### [Work to be completed]
Write out again only the lines running from the one that contains "Some of the text" to the end of the records below, including both the first and the last.

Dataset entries
-.-.-
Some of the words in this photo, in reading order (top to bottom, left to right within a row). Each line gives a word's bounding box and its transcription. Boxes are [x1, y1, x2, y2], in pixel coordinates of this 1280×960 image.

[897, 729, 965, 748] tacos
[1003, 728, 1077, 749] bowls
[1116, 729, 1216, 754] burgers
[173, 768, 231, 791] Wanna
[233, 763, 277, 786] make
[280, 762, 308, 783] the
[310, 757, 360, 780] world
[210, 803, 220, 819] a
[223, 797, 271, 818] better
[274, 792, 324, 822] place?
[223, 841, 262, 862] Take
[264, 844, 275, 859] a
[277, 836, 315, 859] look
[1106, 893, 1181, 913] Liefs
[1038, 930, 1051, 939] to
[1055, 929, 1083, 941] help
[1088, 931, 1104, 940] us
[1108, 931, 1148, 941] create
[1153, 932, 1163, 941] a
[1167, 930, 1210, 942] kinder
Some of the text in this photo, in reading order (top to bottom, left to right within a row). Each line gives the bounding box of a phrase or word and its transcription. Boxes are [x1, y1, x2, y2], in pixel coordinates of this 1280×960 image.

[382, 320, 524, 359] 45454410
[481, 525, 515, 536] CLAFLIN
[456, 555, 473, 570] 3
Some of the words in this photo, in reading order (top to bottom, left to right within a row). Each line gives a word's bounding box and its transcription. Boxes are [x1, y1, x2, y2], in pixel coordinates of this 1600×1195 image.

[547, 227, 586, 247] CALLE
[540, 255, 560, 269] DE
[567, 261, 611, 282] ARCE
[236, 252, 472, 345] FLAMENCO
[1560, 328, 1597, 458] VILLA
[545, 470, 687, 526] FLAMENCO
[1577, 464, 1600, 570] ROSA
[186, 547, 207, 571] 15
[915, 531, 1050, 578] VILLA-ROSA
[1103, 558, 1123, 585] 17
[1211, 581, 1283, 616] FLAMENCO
-.-.-
### [Exercise result]
Some of the text in this photo, in reading order (top to bottom, left to right within a row). Each line gives the bounding box of a phrase or word and its transcription. Boxes are [x1, y1, x2, y2], in pixel coordinates of this 1280×960 image.

[382, 320, 524, 359] 45454410
[481, 525, 515, 536] CLAFLIN
[456, 555, 473, 570] 3
Some of the words in this photo, in reading order (top to bottom, left to right within a row). Each line gives a word's bounding box and its transcription. Boxes are [x1, y1, x2, y2], in pixel coordinates of this 1600×1195 image.

[547, 227, 586, 247] CALLE
[540, 255, 560, 269] DE
[567, 261, 611, 282] ARCE
[236, 252, 472, 345] FLAMENCO
[1560, 328, 1597, 458] VILLA
[545, 470, 687, 526] FLAMENCO
[1577, 464, 1600, 570] ROSA
[186, 547, 207, 571] 15
[915, 531, 1050, 578] VILLA-ROSA
[1103, 558, 1123, 585] 17
[1211, 581, 1283, 616] FLAMENCO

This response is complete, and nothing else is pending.